I was waiting to have a quiet moment to read this with my full attention. I wasn't disappointed. I know I'll want to come back and read it again.

And thanks, Magpie, for convincing Sarah to write a post for us.

Karen said...

Thanks for visiting us, Sarah. Your stories always captivate me.

Indigo said...

I wish more would see life through your eyes, each with their own stories to tell.

Miss your words, sweet friend, been awhile. (Hugs)Indigo

kathy a. said...

this is wonderful.

Deer Baby said...

This was wonderful. It was lovely to read something else by you as I only discovered you just before you stopped.

I loved hearing about this journey. Everyone is interesting.

Titanium said...

Oh, how your voice has been missed. This is poignant, ripping at the curtains that shroud everyday life and letting a little sunlight of perspective shine on the train ride.

So good to read your words again!

Yolanda said...

A loving, lovely piece by such a gifted writer. Thank you for having her here, Maggie. And yes, she remains (and will remain) in my reader, too. Until...

Kat said...

This was beautiful, Sarah...I echo others in saying how good it is to read you again.

So interesting (not the word I'm looking for but I can't think of THE WORD), too, that I read this today, because not twenty minutes ago I was contemplating taking a train to a conference I need to go to next month.

Life in Eden said...

wonderful Sarah, as always. i love to think about what the story is behind the scene.

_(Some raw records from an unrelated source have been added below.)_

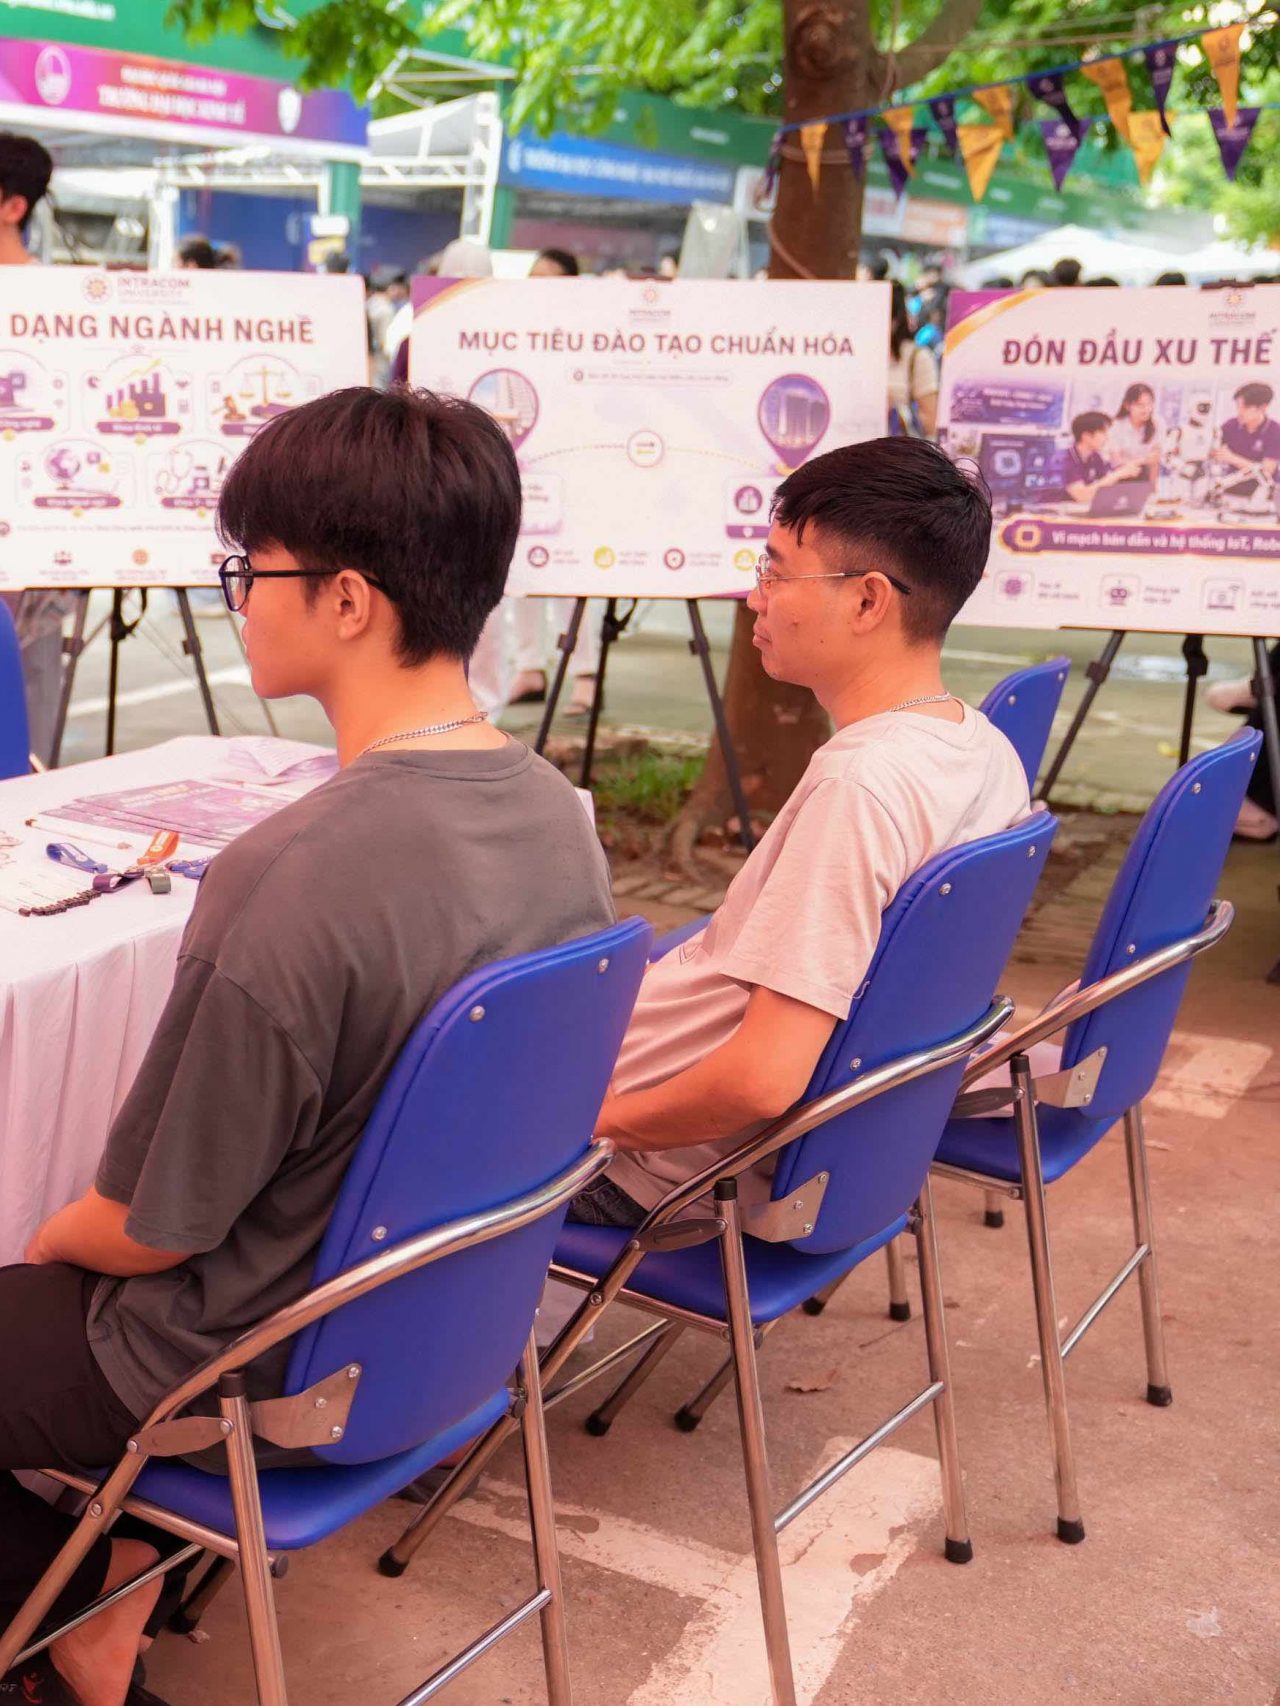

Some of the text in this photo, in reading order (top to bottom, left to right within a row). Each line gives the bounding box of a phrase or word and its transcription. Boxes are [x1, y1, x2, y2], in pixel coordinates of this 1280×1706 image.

[118, 277, 191, 290] INTRACOM
[10, 313, 99, 344] DẠNG
[110, 311, 224, 342] NGÀNH
[234, 313, 316, 344] NGHỀ
[459, 330, 518, 357] MỤC
[528, 328, 584, 352] TIÊU
[593, 328, 646, 352] ĐÀO
[655, 333, 702, 360] TẠO
[803, 331, 854, 357] HÓA
[1003, 334, 1065, 365] ĐÓN
[1154, 339, 1198, 365] XU
[1211, 329, 1278, 365] THẾ
[1052, 530, 1066, 545] Vi
[1066, 531, 1101, 548] mạch

PS--I had lemon-raspberry cake at my wedding too! :-)

Mrs. said...

Beautiful and so much lightness in this. Good to "hear" you again.

The Homesteading Hussy said...

I love the idea that everyone has a story. It makes everyone interesting. Nice writing.

Jennifer (ponderosa) said...

That distinction is so important, I think, esp. for us bloggers -- that our story of our children is not their story of themselves.

Lovely post.

Heather said...

I love that you tell your version of your son's story. I'd like to do that with my kids, tell them my version of their stories. What a wonderful way to make them feel as special as they are.

This is a lovely post Sarah. I miss reading you.

Gwen said...

Okay, I really loved this. Really. But I wondered about that last bit, about the conductor. Why are his adjectives and verbs all painful ones? Surely his story has at least a little of the wonder and beauty of your son's, no?

slouchy said...

Gwen,

Because he looked so defeated by life. So haggard, so bone-weary.

Elizabeth said...

I read that part of mental health is generating a coherent life narrative.

MDTaz said...

What a treat to meet your words, Sarah.